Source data
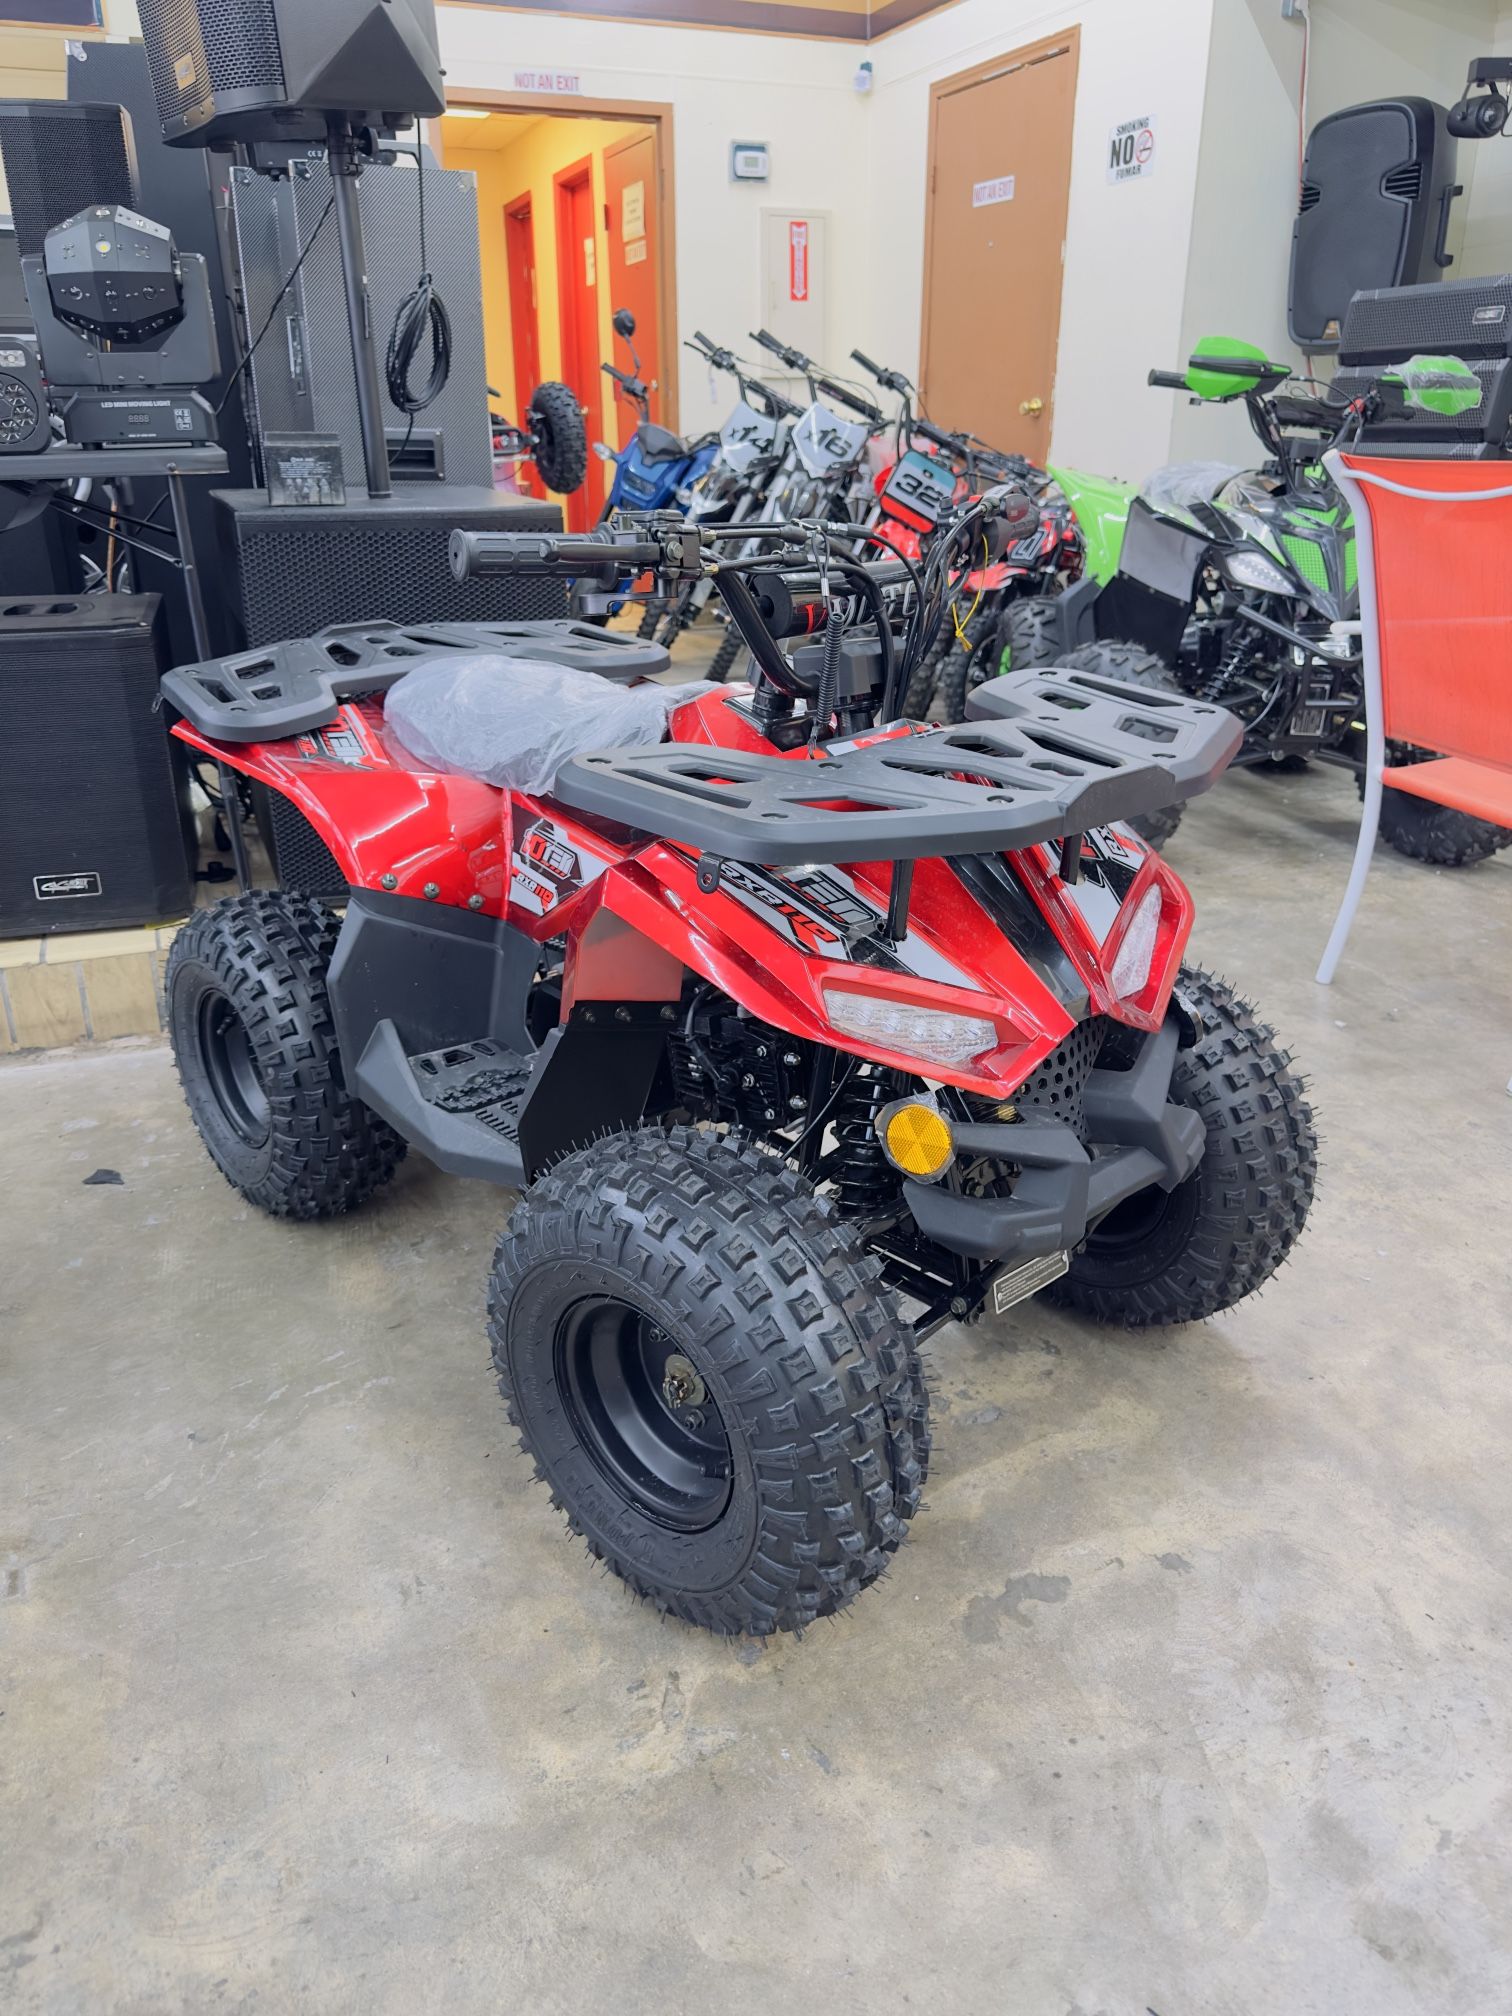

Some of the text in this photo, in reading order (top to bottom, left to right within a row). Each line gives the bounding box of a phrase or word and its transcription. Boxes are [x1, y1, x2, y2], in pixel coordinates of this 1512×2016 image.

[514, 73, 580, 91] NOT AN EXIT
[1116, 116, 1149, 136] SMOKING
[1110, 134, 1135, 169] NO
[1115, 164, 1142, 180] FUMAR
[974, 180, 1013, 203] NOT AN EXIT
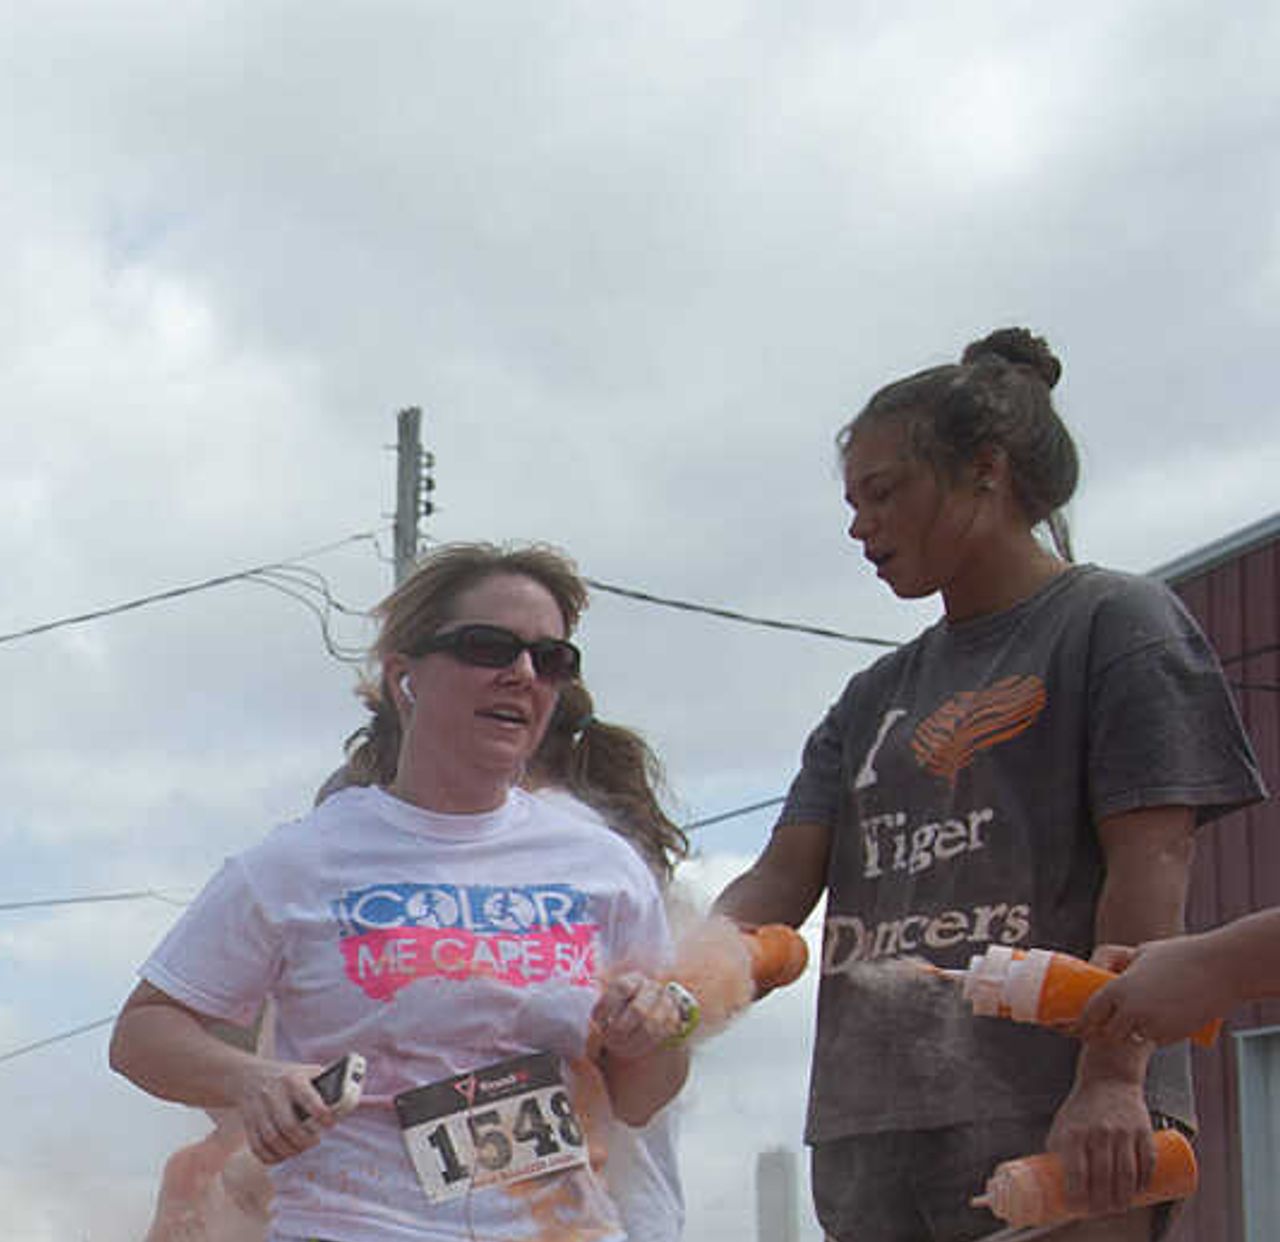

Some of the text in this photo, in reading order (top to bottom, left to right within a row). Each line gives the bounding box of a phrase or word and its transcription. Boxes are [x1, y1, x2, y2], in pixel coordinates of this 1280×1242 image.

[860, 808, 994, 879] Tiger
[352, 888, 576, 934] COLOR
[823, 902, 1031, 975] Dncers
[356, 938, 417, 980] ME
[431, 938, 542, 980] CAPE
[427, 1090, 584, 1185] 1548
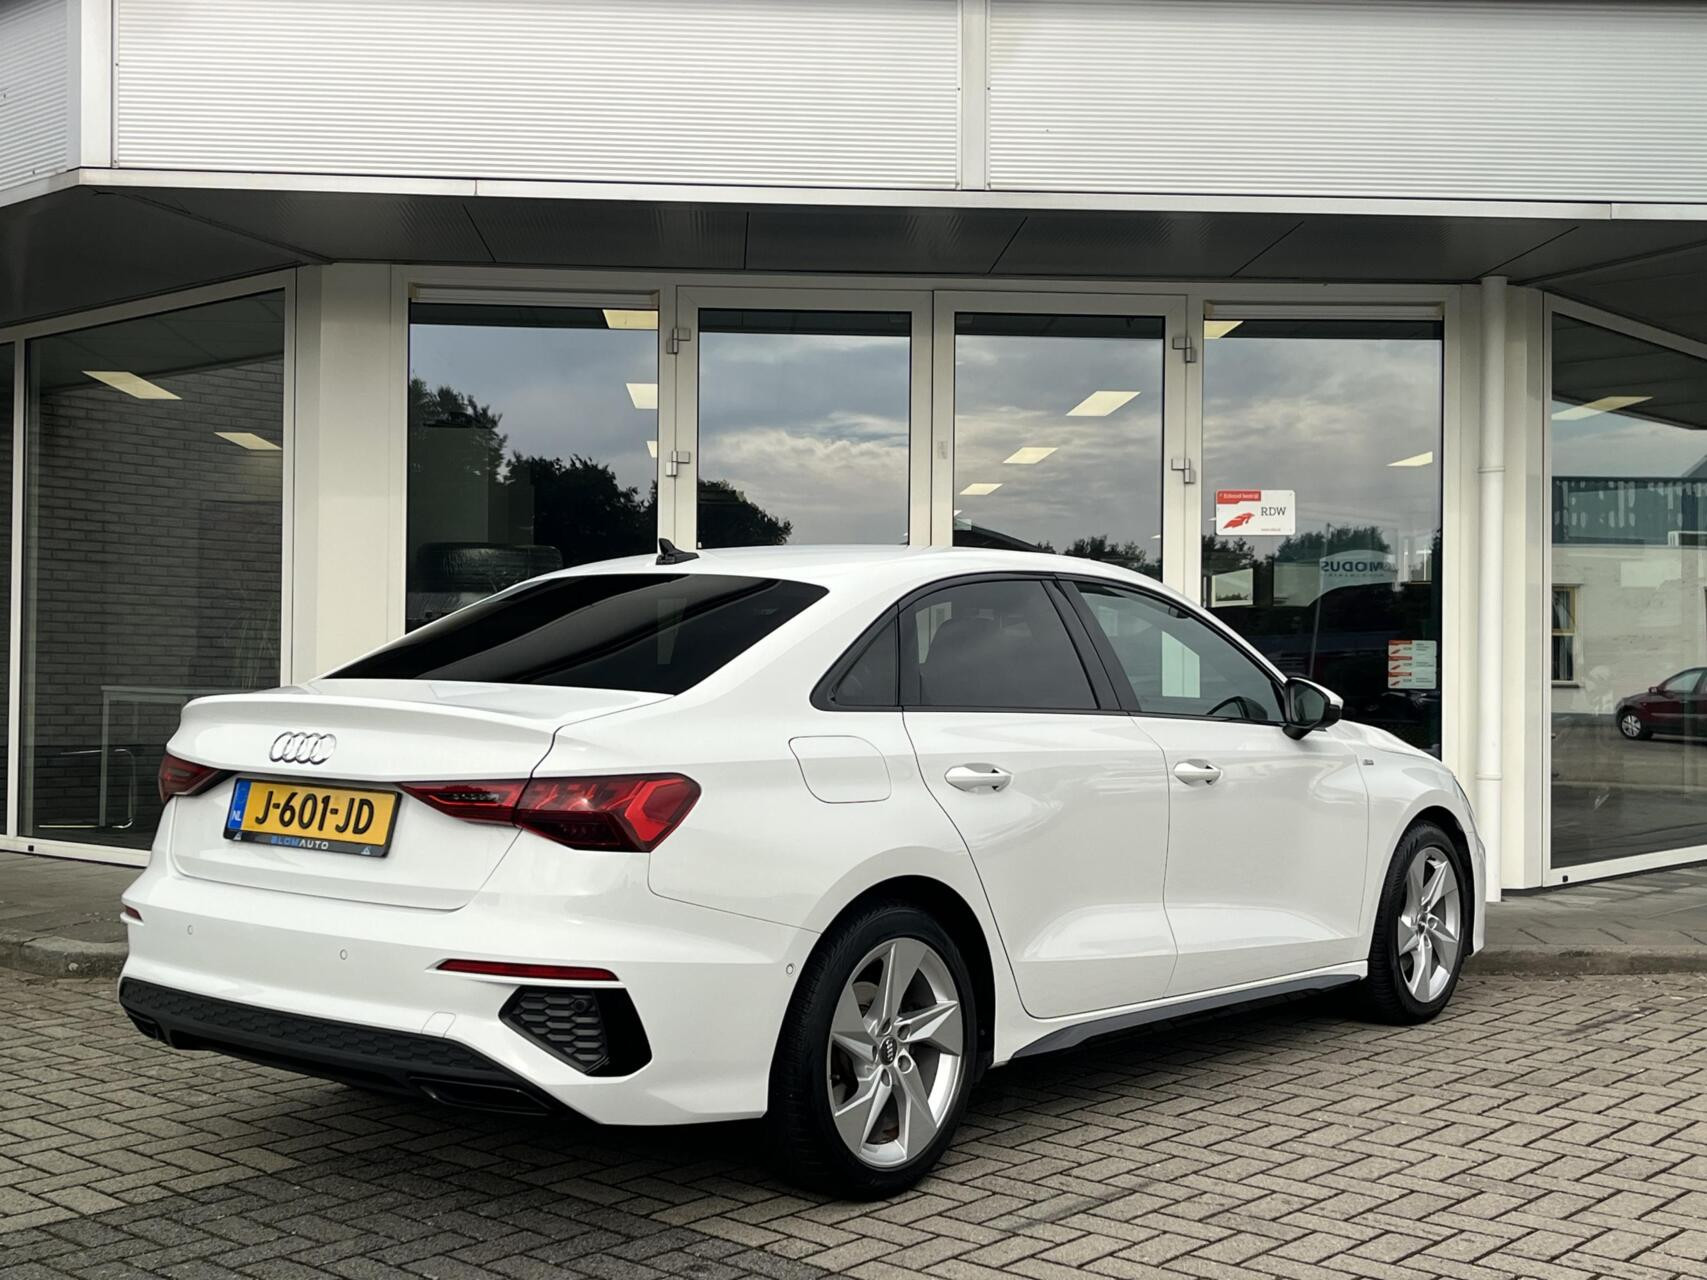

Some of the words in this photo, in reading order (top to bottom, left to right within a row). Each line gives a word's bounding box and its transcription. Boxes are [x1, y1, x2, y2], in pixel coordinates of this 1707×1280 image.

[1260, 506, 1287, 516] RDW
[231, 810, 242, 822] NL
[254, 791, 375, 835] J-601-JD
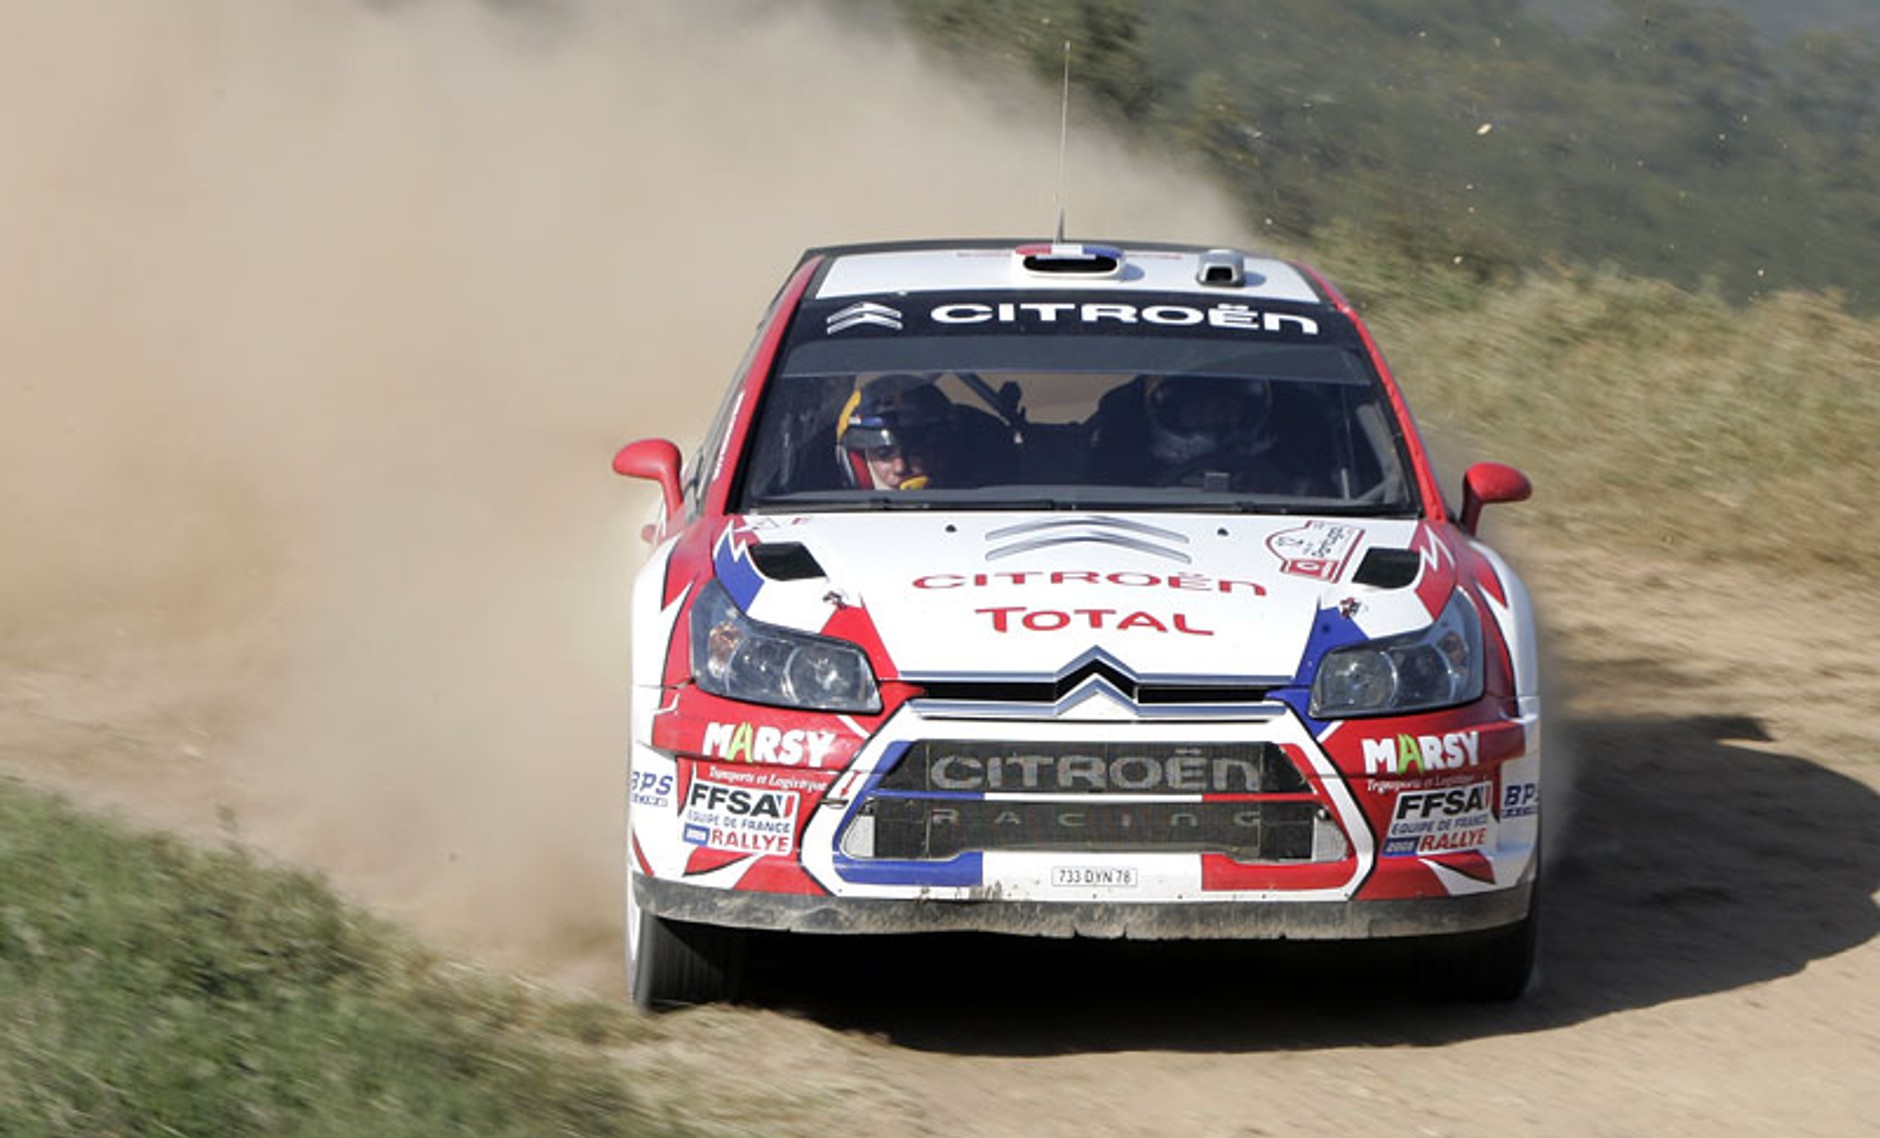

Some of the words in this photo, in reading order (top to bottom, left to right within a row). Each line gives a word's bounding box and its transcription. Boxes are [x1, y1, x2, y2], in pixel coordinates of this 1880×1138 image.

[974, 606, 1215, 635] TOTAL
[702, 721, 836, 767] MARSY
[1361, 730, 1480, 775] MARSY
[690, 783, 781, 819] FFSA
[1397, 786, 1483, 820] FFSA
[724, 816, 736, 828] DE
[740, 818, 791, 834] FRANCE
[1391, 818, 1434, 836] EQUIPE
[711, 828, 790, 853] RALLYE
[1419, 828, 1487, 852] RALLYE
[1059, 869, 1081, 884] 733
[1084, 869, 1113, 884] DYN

TASK PROMPT: Reproduce the data exactly as it appears above. Pictures are to be left out.

YOUR SOLUTION:
Some of the text in this photo, in reading order (top to bottom, left to right within a row). Each line gives the bounding box of a phrase or word and its transcription. Boxes are [x1, y1, x2, y2], in pixel coordinates of this 1512×2016 image.

[514, 73, 580, 91] NOT AN EXIT
[1116, 116, 1149, 136] SMOKING
[1110, 134, 1135, 169] NO
[1115, 164, 1142, 180] FUMAR
[974, 180, 1013, 203] NOT AN EXIT

Some of the text in this photo, in reading order (top to bottom, left to right within a row). Each line gives the bounding box of a phrase or word and its transcription. Boxes are [x1, y1, x2, y2], in pixel coordinates of this 1280×1242 image.

[860, 808, 994, 879] Tiger
[352, 888, 576, 934] COLOR
[823, 902, 1031, 975] Dncers
[356, 938, 417, 980] ME
[431, 938, 542, 980] CAPE
[427, 1090, 584, 1185] 1548

Some of the words in this photo, in reading order (top to bottom, left to right within a row). Each line gives a word's bounding box and its transcription. Boxes are [x1, y1, x2, y2], in pixel coordinates of this 1707×1280 image.

[1260, 506, 1287, 516] RDW
[231, 810, 242, 822] NL
[254, 791, 375, 835] J-601-JD

Some of the words in this photo, in reading order (top to bottom, left to right within a row). Each line gives a word's bounding box and its transcription. Boxes are [x1, y1, x2, y2], in pixel coordinates of this 1880×1138 image.

[974, 606, 1215, 635] TOTAL
[702, 721, 836, 767] MARSY
[1361, 730, 1480, 775] MARSY
[690, 783, 781, 819] FFSA
[1397, 786, 1483, 820] FFSA
[724, 816, 736, 828] DE
[740, 818, 791, 834] FRANCE
[1391, 818, 1434, 836] EQUIPE
[711, 828, 790, 853] RALLYE
[1419, 828, 1487, 852] RALLYE
[1059, 869, 1081, 884] 733
[1084, 869, 1113, 884] DYN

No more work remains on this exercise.